He stood for a moment with his eyes on the fresh young leaves which stirred softly. Then, as if hope and courage had passed into him with the air of spring, he turned away and walked rapidly to the gate of the Governor's house. His hand was on the iron fence, and he was about to enter the yard, when the door opened and Patty came out on the porch with Julius Gershom. Stepping quickly back under the trees, Stephen watched the girl descend the steps, pass the fountain, and go swiftly out of the gate into the broad drive of the Square. She was talking eagerly to her companion; and, though she had told him that she disliked the man, she was smiling up at him while she talked. Her face was like a pink flower under the dark brim of her sailor hat, and in her eyes, beneath the inquiring eyebrows, there was the expression of charming archness that he had imagined so vividly. If she saw him, she made no sign; and for a moment after she had gone by, he stood vaguely wondering if she had seen him and if she had chosen this way to punish him for his neglect of the past two or three weeks? But even then, accepting that charitable interpretation, what explained the objectionable presence of Gershom? Was there anything that could explain or excuse the presence of Gershom?

The fire in his heart died down to cinders, while the light faded not only from that hidden country of the endless roads, but from the green hill and the blue sky and the little shining leaves of the branches overhead.

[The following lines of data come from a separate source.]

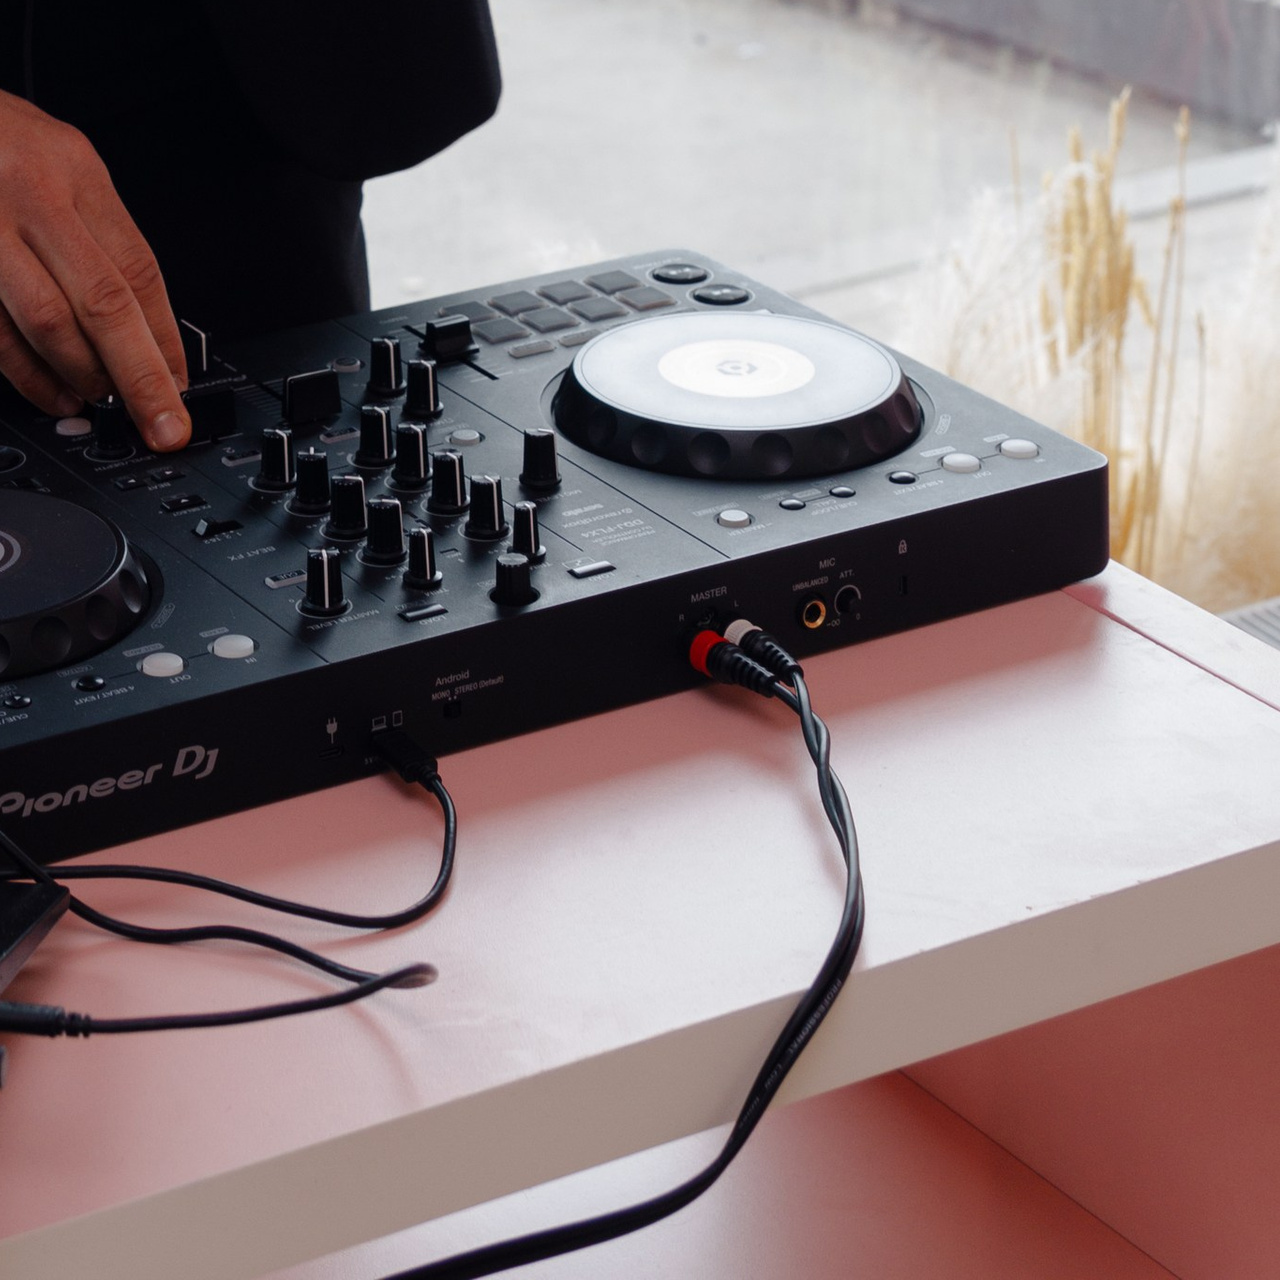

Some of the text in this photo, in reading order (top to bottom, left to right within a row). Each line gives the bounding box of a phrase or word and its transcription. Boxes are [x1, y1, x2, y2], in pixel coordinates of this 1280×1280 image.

[562, 503, 604, 517] serato
[562, 510, 621, 528] rekordbox
[581, 518, 644, 538] DDJ-FLX4
[227, 545, 276, 562] BEAT FX
[819, 558, 836, 570] MIC
[839, 569, 855, 580] ATT.
[792, 576, 829, 592] UNBALANCED
[690, 586, 728, 604] MASTER
[734, 600, 739, 608] L
[305, 609, 380, 631] MASTER LEVEL
[419, 614, 447, 626] LOAD
[678, 614, 685, 622] R
[245, 656, 257, 664] IN
[169, 672, 191, 684] OUT
[435, 668, 470, 687] Android
[431, 674, 505, 701] MONO STEREO (Default)
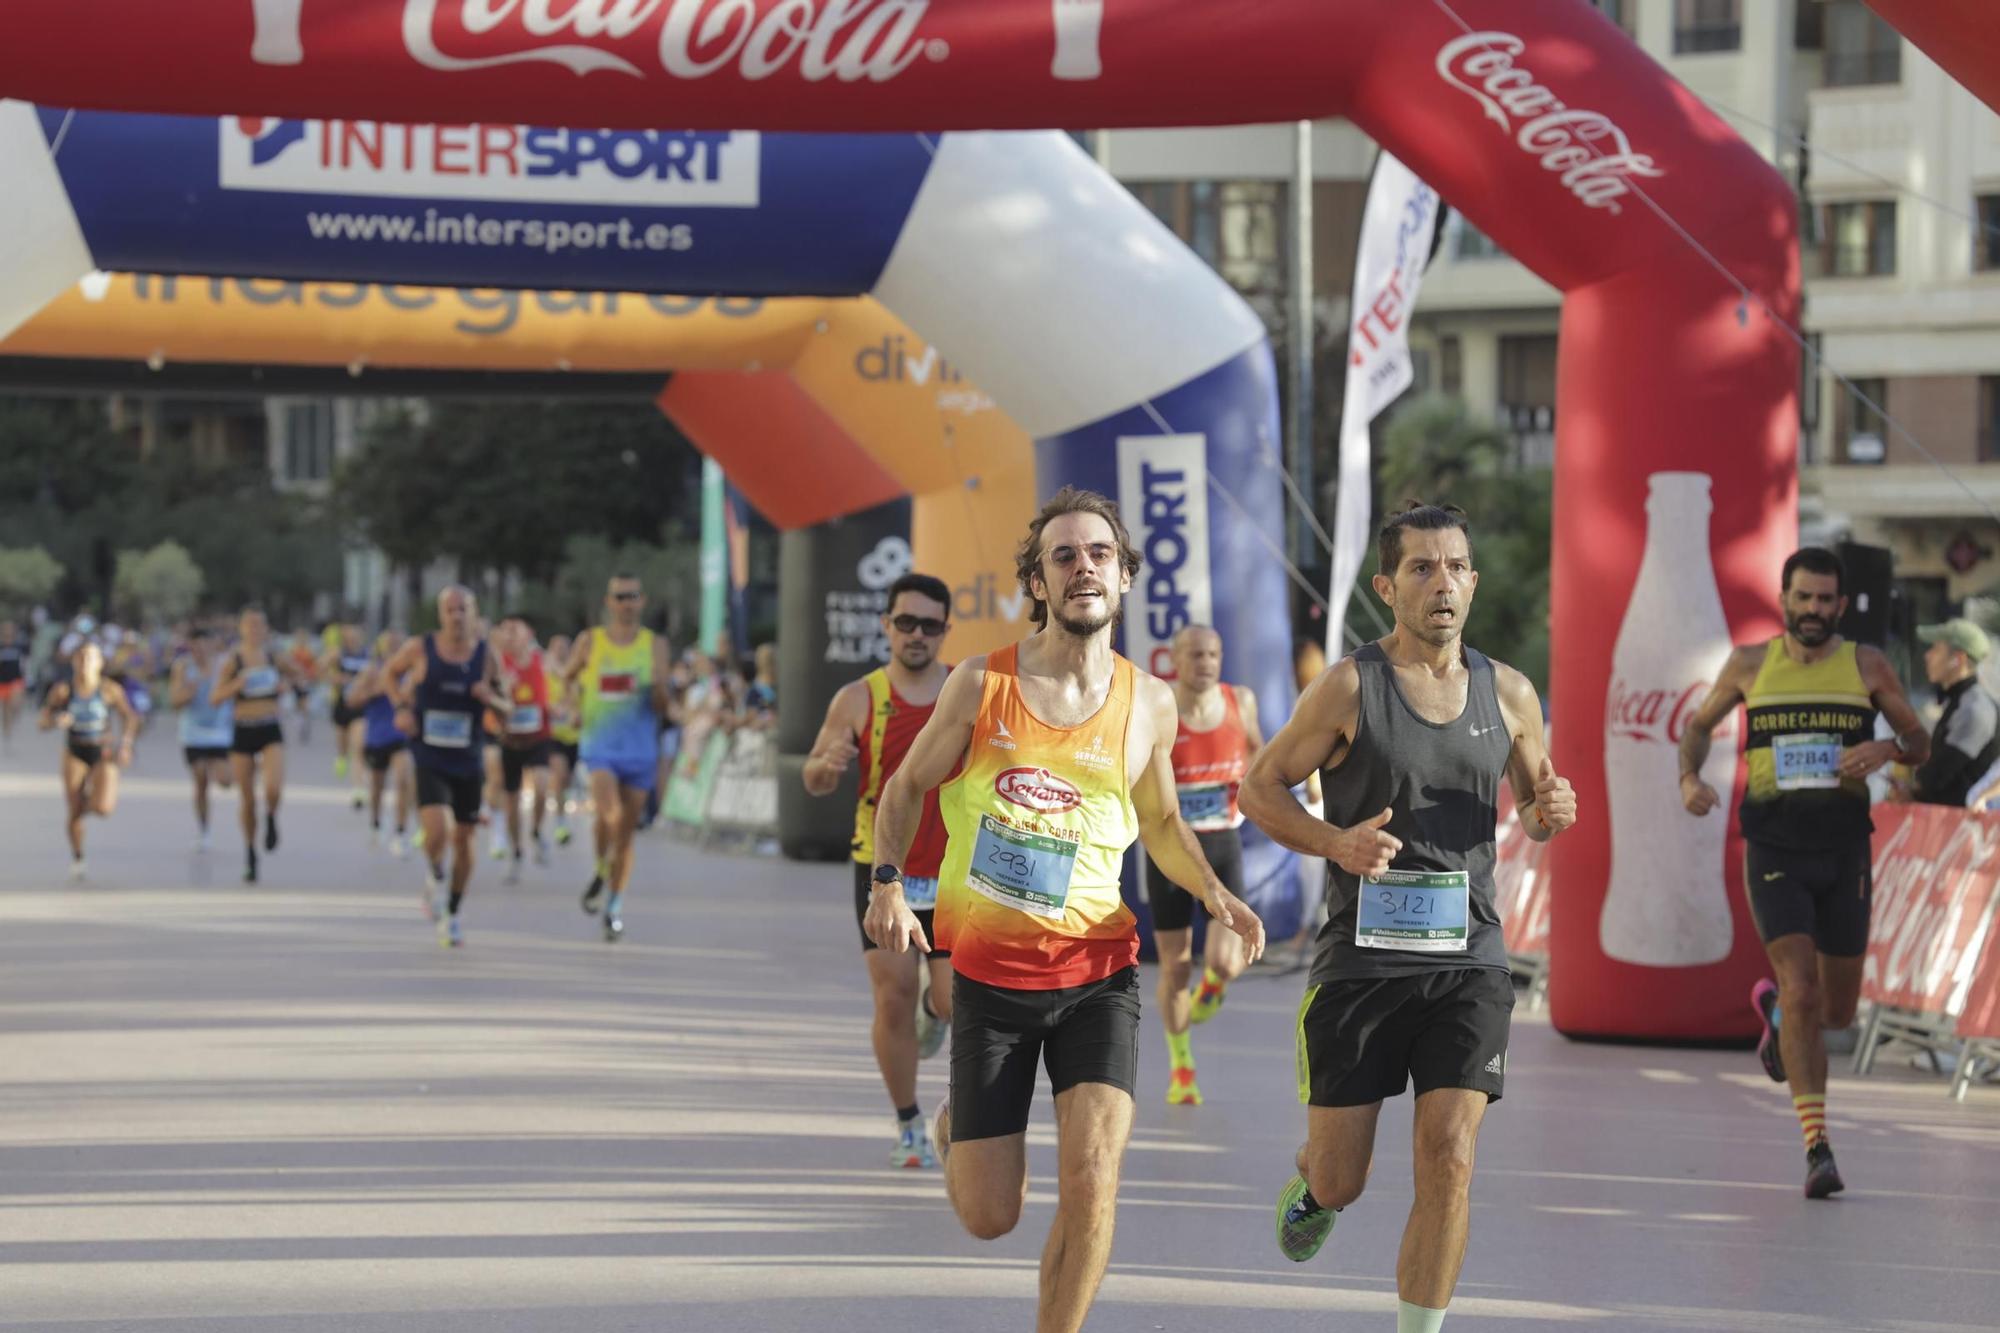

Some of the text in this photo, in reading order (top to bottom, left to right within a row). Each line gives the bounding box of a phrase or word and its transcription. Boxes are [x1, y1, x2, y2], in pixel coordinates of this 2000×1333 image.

[320, 119, 732, 183] INTERSPORT
[307, 208, 693, 252] www.intersport.es
[1002, 775, 1074, 803] Serrano
[1048, 826, 1081, 842] CORRE
[988, 844, 1037, 877] 2931
[1380, 891, 1434, 915] 3121

In the distance, he could see the two figures moving onward toward the gate of the Square; and beyond them there was only the long straight street filled with gray dust and the empty shadows of human beings.


CHAPTER XVII

MRS. GREEN

As Patty went by so quickly, she saw Stephen without appearing to glance in his direction. For the last few weeks a flame had run over her whenever she remembered, and there was scarcely a moment when it was out of her mind, that she had shown her heart so openly and that, as she expressed it bitterly, "he had hidden behind his mother." "If he comes back again," she told herself recklessly, and she felt scorched when she thought that he might never come back, "I'll let him see that I can trifle as well as, or better, than he can. I'll let him see that two can play at that kind of game." A hundred times Corinna's warning returned to her. The words, which had made so slight an impression when she heard them, were burned now into her memory. Oh, Mrs. Page had known all along what it meant! She had understood from the beginning; and she had tried, without hurting her, to make her see the blind folly of such an infatuation. As she thought of this to-day, Patty's heart ached with injured pride and resentment, not only against Stephen, but against the unfairness of life. Why was it that men and circumstances would never let one be natural and generous? Was there a conspiracy of events, as Mrs. Page had once said, to prevent the finest impulses from coming to flower? "I'd have done anything on earth for him," thought the girl with passionate indignation. "I'd have made any sacrifice. I could have been anything that he wanted." And she felt bitterly that the best in her soul, the sacred places of her life had been invaded and destroyed. The blighted sensation which accompanies the recoil of an emotion seemed to suspend not only the energy of her spirit, but the very breath in her body. A change had passed over her heart and the world around her and the persons and events which had so recently composed her universe. She felt now that she cared for none of them, that, one and all, they had ceased to interest her; and that the things which filled their lives were all vacant and meaningless forms. It was as if the vitality of existence had been drained away, leaving an empty shell. Nothing was real, nothing was alive but the aching core of her own wounded heart.

"I don't care. I won't let it spoil my life," she resolved while she bit back a sob. "Whatever happens, I am not going to let my life be ruined." She had repeated this so often that it had begun to drone in her mind like a line out of a hymn-book; and she was still repeating it when she swept by Stephen without so much as a word or a look. A dangerous mood was upon her. Nothing mattered, she felt, if she could only prove to him that she also had been trifling; that his kiss had meant as little to her as to him; that from the beginning to the end she had been as indifferent as he was.

Her step quickened into a run; and Gershom, striding, in order to keep up with her, looked at her with the jovial laugh that she hated. "You're in a powerful hurry to-day, ain't you?" he remarked.

"I'm always in a hurry. You have to hurry to get anything out of life." As she glanced up into his admiring eyes, she found herself wondering what Stephen had thought while he watched her? She wished that it had been anybody but Gershom. He seemed an unworthy instrument of revenge, though, she reflected, with a touch of her father's sagacity, one couldn't always choose the tools one would like best. Most people would admit that he was good-looking in a common way, she supposed; and it was only of late that she had realized how essentially vulgar he was.